What the exercise asks
Leaving the pictures aside, restate all of the data exactly.

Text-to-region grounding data
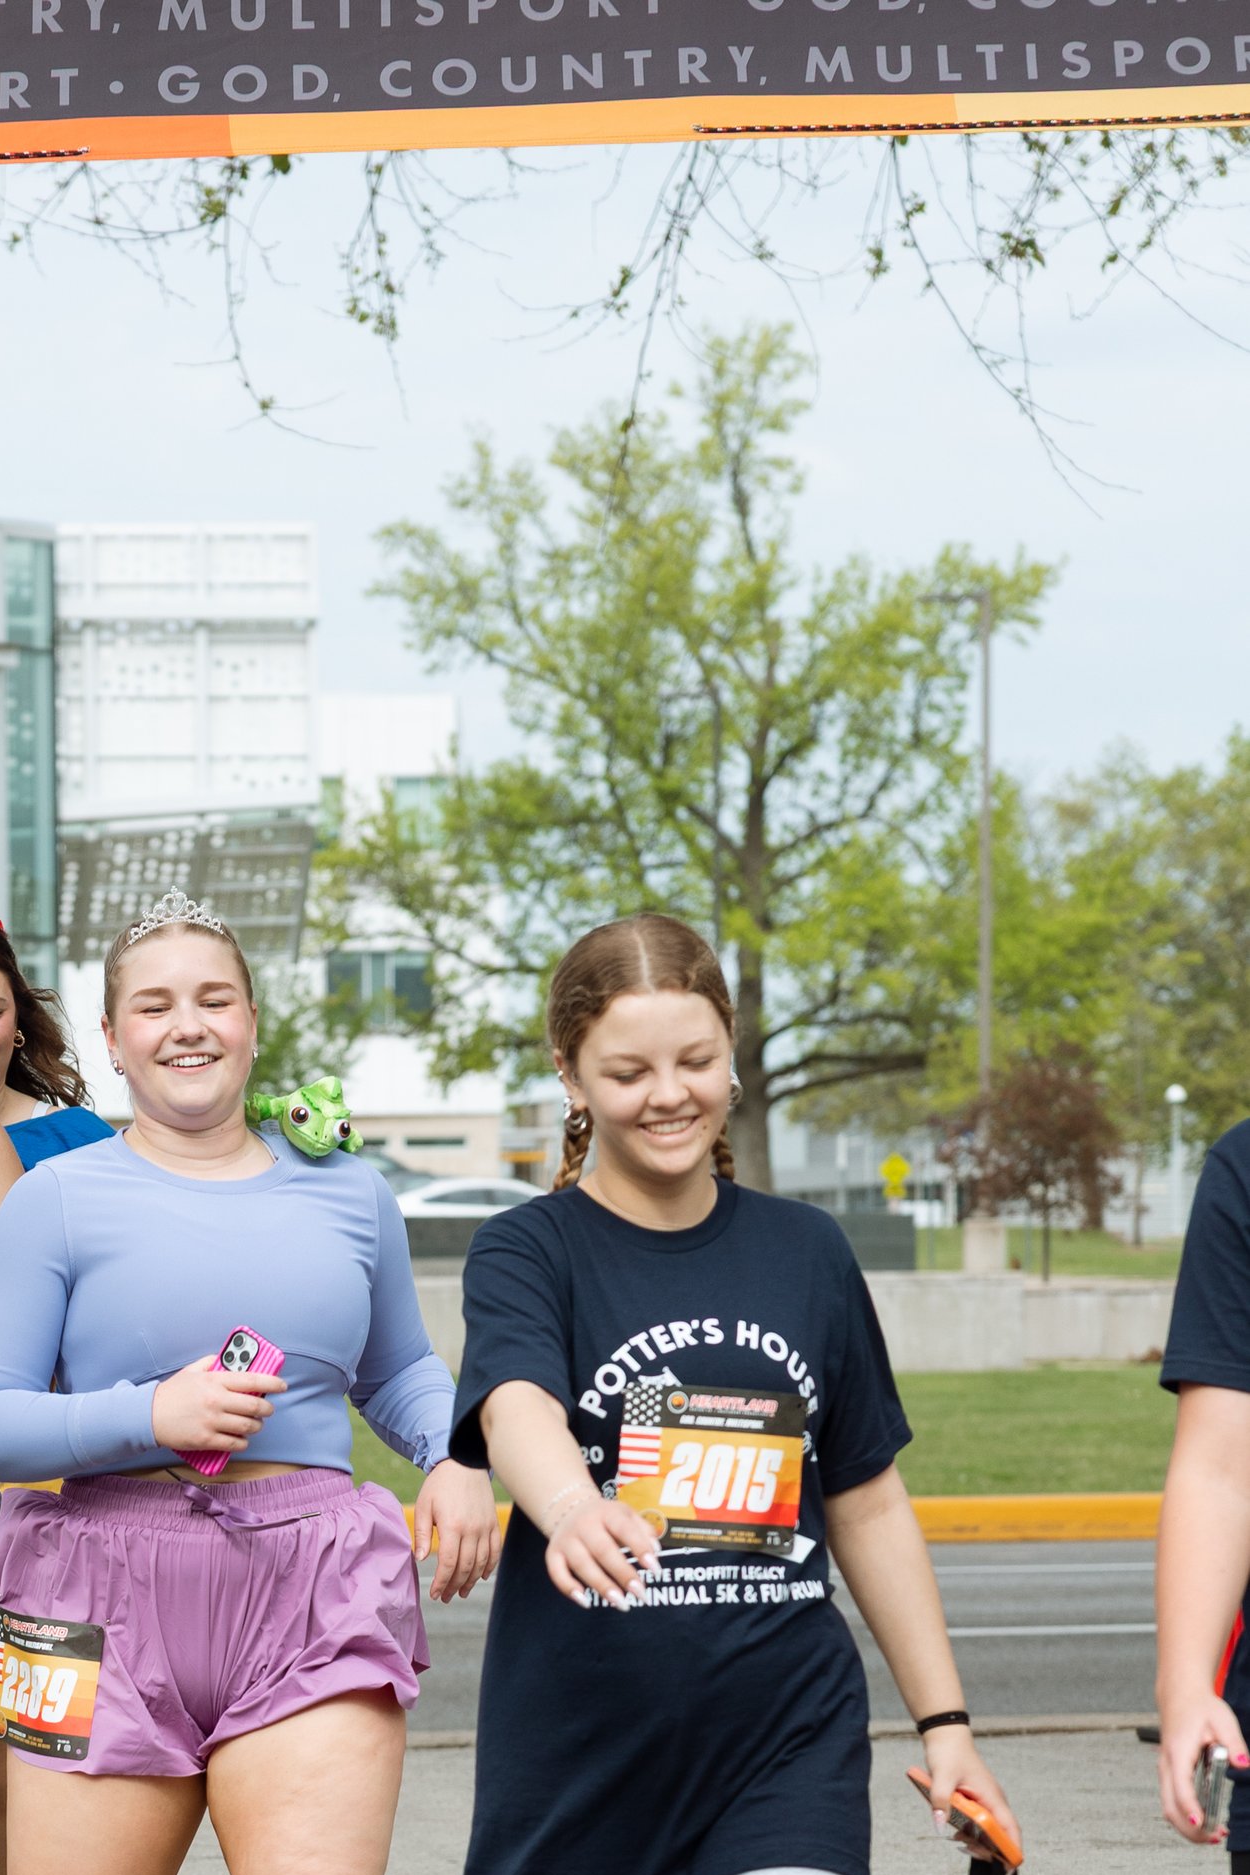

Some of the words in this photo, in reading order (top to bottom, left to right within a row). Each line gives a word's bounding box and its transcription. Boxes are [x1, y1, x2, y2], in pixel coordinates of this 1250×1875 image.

[157, 64, 341, 104] GOD,
[379, 45, 768, 97] COUNTRY,
[578, 1318, 724, 1419] POTTER'S
[659, 1441, 784, 1513] 2015
[675, 1566, 739, 1583] PROFFITT
[741, 1565, 786, 1580] LEGACY
[715, 1583, 739, 1604] 5K
[743, 1584, 758, 1604] &
[789, 1580, 825, 1601] RUN
[1, 1656, 79, 1723] 2289

Response to this exercise
Some of the words in this photo, in reading order (top to bottom, left to right within a row). Each line gives a word's bounding box and its transcription. Boxes are [x1, y1, x2, y2], in pixel coordinates of this 1250×1875 image.

[157, 64, 341, 104] GOD,
[379, 45, 768, 97] COUNTRY,
[578, 1318, 724, 1419] POTTER'S
[659, 1441, 784, 1513] 2015
[675, 1566, 739, 1583] PROFFITT
[741, 1565, 786, 1580] LEGACY
[715, 1583, 739, 1604] 5K
[743, 1584, 758, 1604] &
[789, 1580, 825, 1601] RUN
[1, 1656, 79, 1723] 2289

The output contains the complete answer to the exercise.